Showing posts with label 1958. Show all posts
Showing posts with label 1958. Show all posts

Tuesday, August 11, 2015

Review: Christopher Lee Still a Sexy Beast in "Horror of Dracula"

TRASH IN MY EYE No. 31 (of 2015) by Leroy Douresseaux

[This review was originally posted on Patreon.]

Horror of Dracula (1958)
Dracula – original title
COUNTRY OF ORIGIN: UK
Running time:  82 minutes (1 hour, 22 minutes)
Not rated by MPAA
DIRECTOR:  Terence Fisher
WRITER:  Jimmy Sangster (based upon the novel Dracula by Bram Stoker)
PRODUCER:  Anthony Hinds
CINEMATOGRAPHER:  Jack Asher (D.o.P)
EDITOR:  Bill Lenny
COMPOSER:  James Bernard

HORROR

Starring:  Peter Cushing, Christopher Lee, Michael Gough, Melissa Stribling, Carol Marsh, Olga Dickie, John Van Eyssen, Valerie Gaunt, and Janine Faye

Dracula is a 1958 British horror film from director Terence Fisher.  Written by Jimmy Sangster, this was the first in a series of movies from Hammer Films that were inspired by Bram Stoker's 1897 novel, Dracula.  For its release in the United States, the film's title was change to Horror of Dracula so that it would not be confused with the 1931 film, Dracula (starring Bela Lugosi), which was apparently still quite popular in the U.S. at that time.  In Hammer's Dracula, vampire expert Van Helsing fights to stop Dracula from taking revenge against the family of a former colleague of Van Helsing's.

Horror of Dracula opens on May 3, 1885, Jonathan Harker (John Van Eyssen) arrives at a castle near Klausenburg (in Romania).  It is the home of Count Dracula (Christopher Lee), and Harker is there to take up his post as Dracula's librarian.  Almost immediately, Harker experiences a series of strange events, including meeting a young woman who claims to be Dracula's prisoner.

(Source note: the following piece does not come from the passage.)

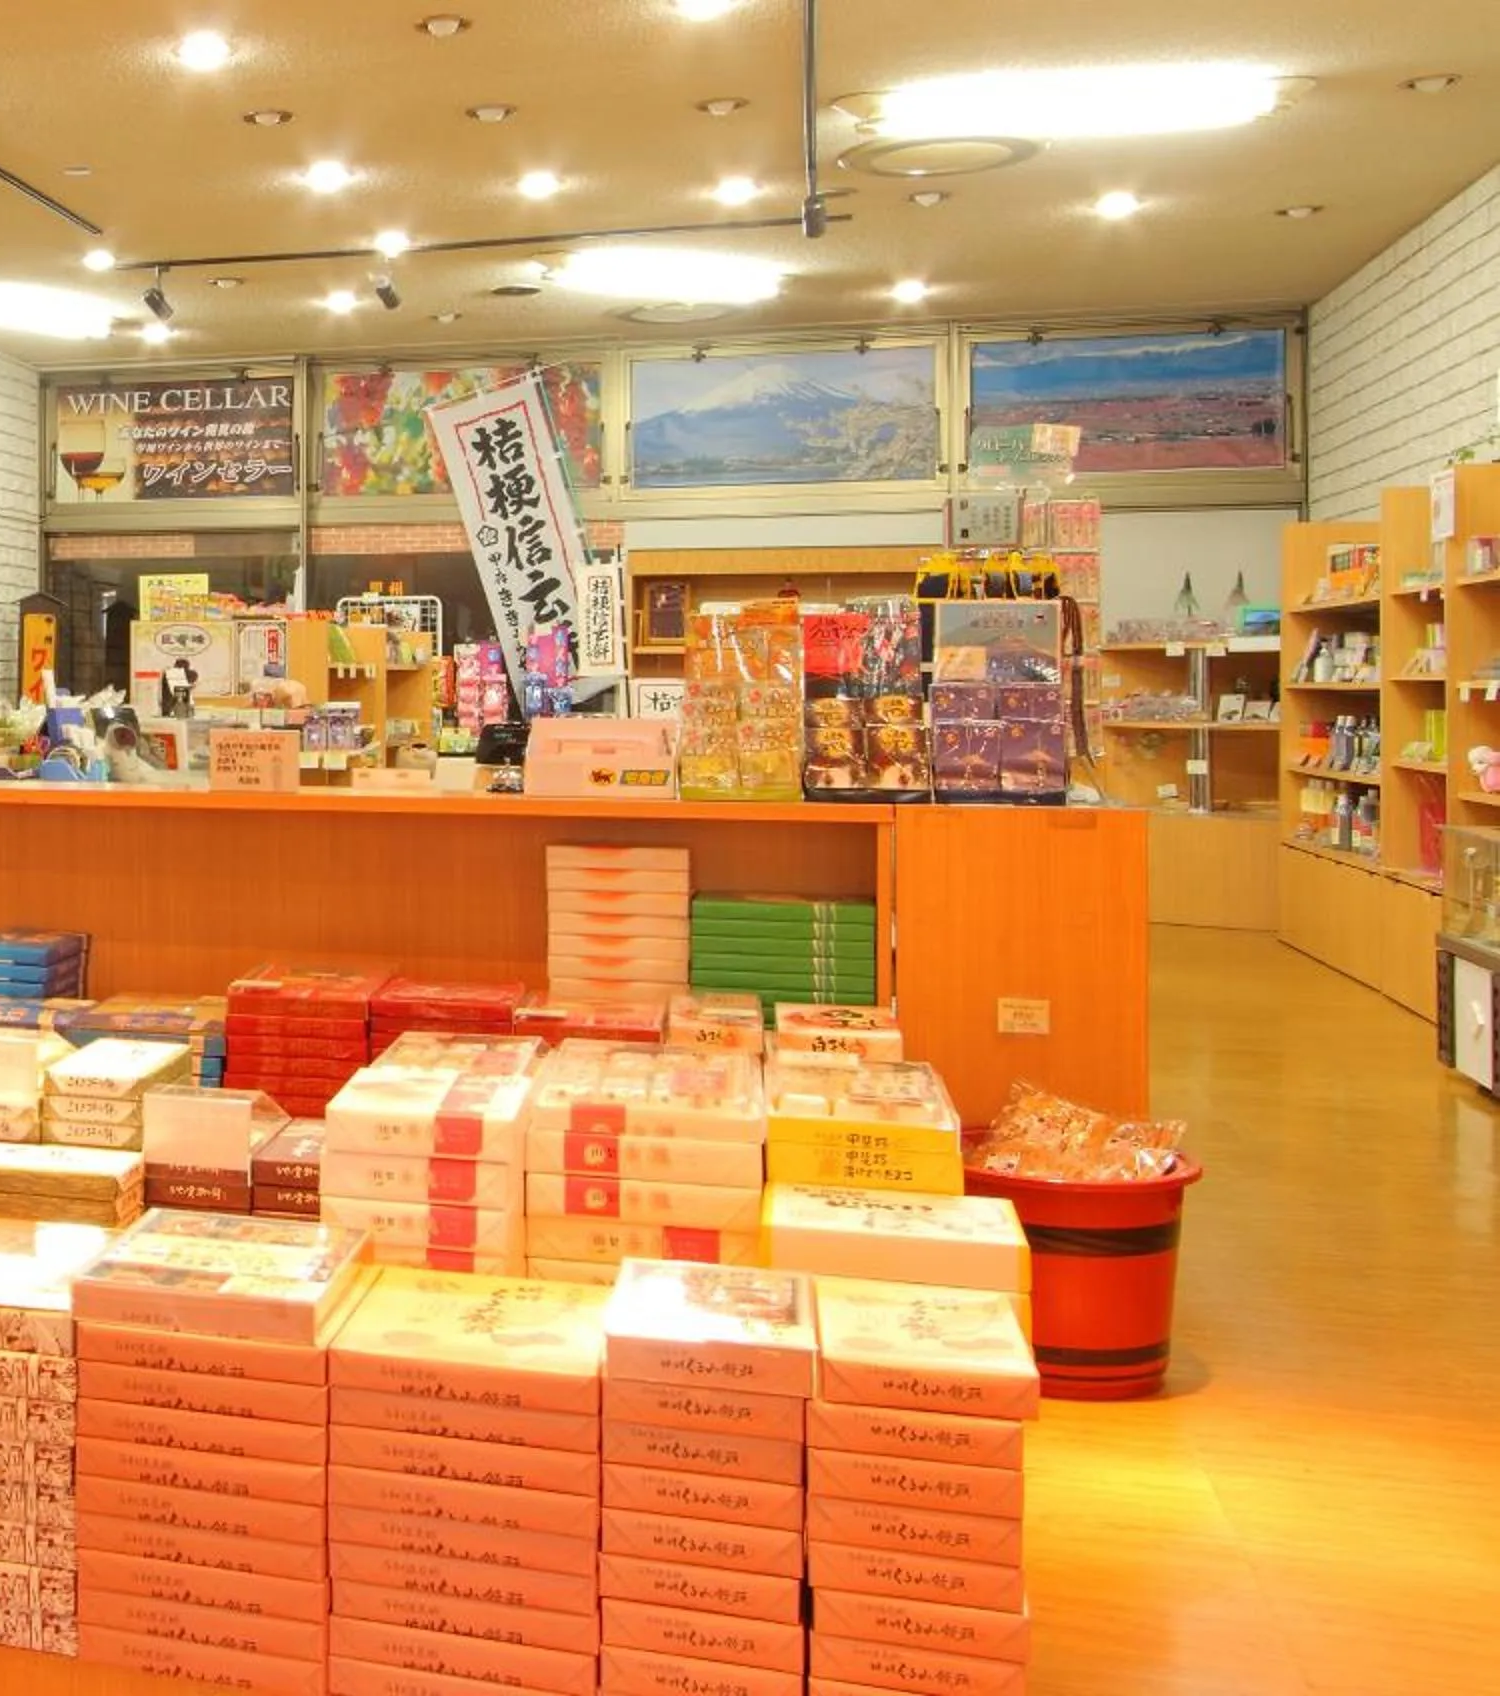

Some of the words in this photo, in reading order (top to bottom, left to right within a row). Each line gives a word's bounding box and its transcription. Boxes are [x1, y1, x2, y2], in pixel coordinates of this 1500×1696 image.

[67, 390, 151, 415] WINE
[159, 384, 292, 412] CELLAR
[143, 458, 293, 487] ワインセラー
[472, 417, 579, 671] 桔梗信玄

A few days later, Harker's colleague, Dr. Abraham Van Helsing (Peter Cushing), arrives in Klausenburg, looking for Harker.  What he finds chills his blood.  Van Helsing returns to Karlstadt to inform Harker's fiancĂ©e, Lucy Holmwood (Carol Marsh), of the bad news.  Lucy's brother, Arthur Holmwood (Michael Gough), and his wife, Mina (Melissa Stribling), are reluctant to give any bad news to Lucy, who has been ill of late.  Van Helsing alone suspects that the terrible evil of Count Dracula's castle has arrived in Karlstadt to haunt the Holmwoods.

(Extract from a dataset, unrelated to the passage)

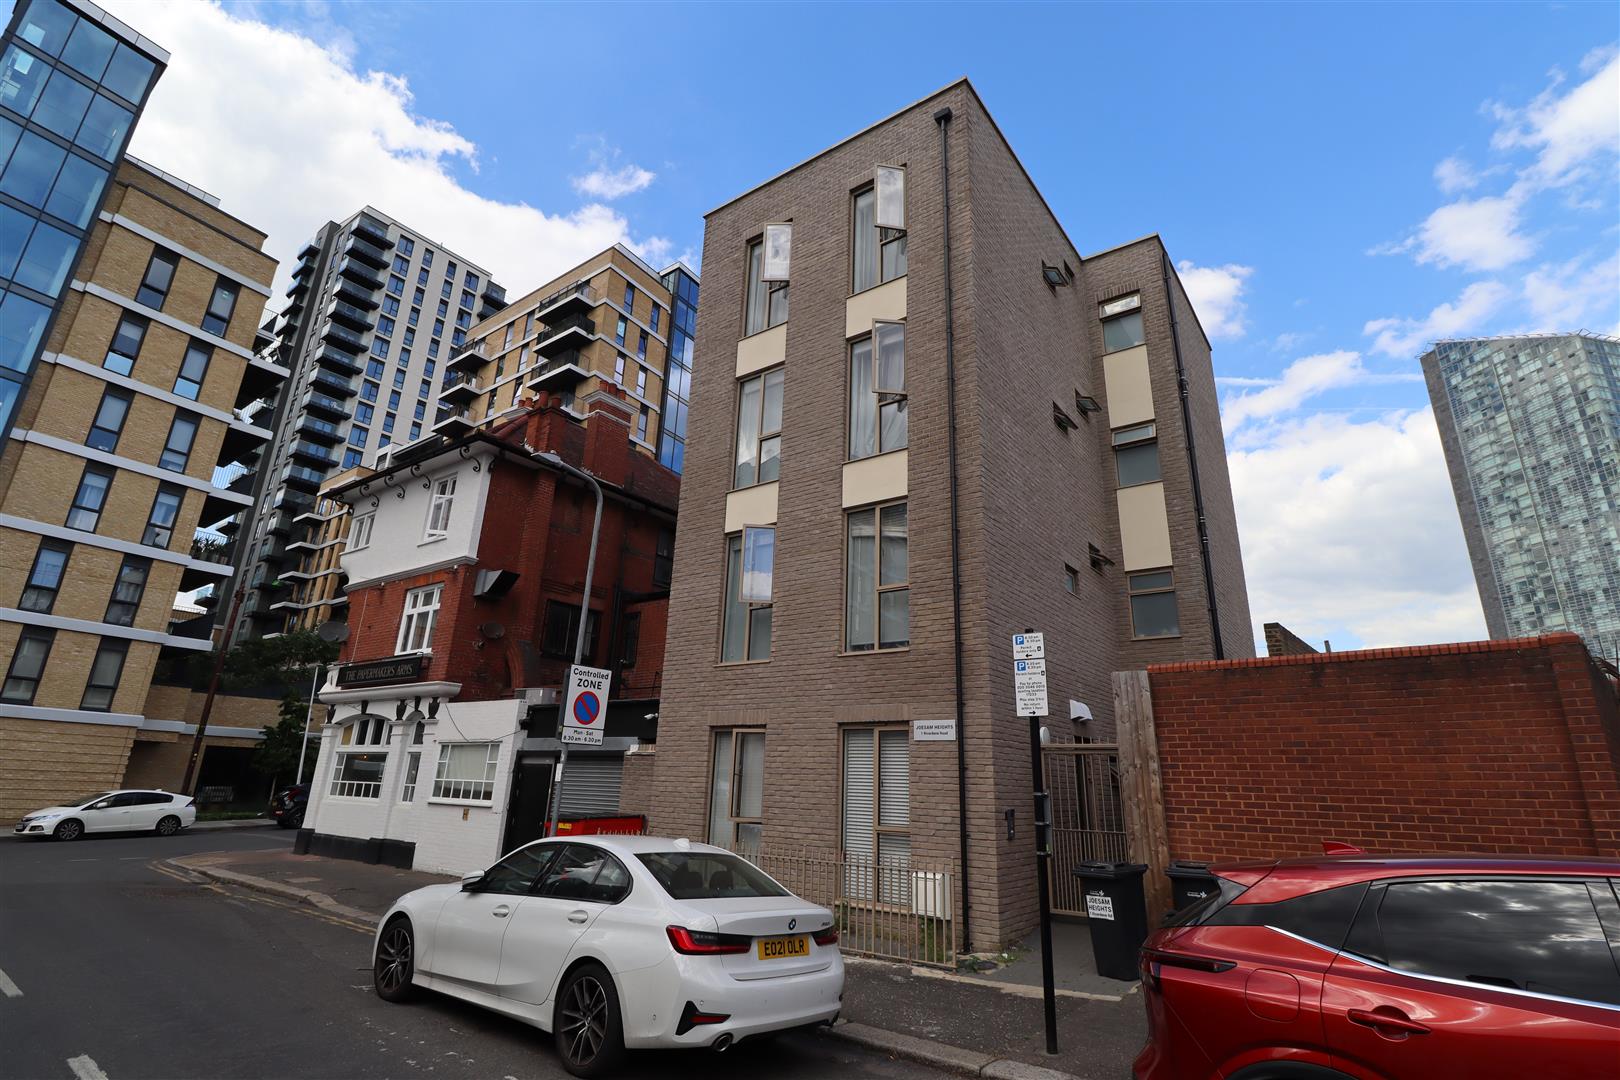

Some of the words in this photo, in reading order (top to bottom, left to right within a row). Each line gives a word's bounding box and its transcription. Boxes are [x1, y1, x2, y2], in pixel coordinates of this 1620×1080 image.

Horror of Dracula was the first of seven movies for Hammer Films in which Christopher Lee played Count Dracula, which is why Lee is arguably the second most famous Dracula in film history, after Bela Lugosi.  Lee made Dracula both sexual and dangerous, like a creepy guy who ignores any rejection to his advances.  [He just knows that he can “love” you good, girl.]  There is a moment in this film when Dracula rubs his face against Mina's face which encapsulates Dracula's power of seduction.  He is essentially a home invader slash rapist, but his moves make him see like the masculine hero of a romantic tale that is also a rape fantasy.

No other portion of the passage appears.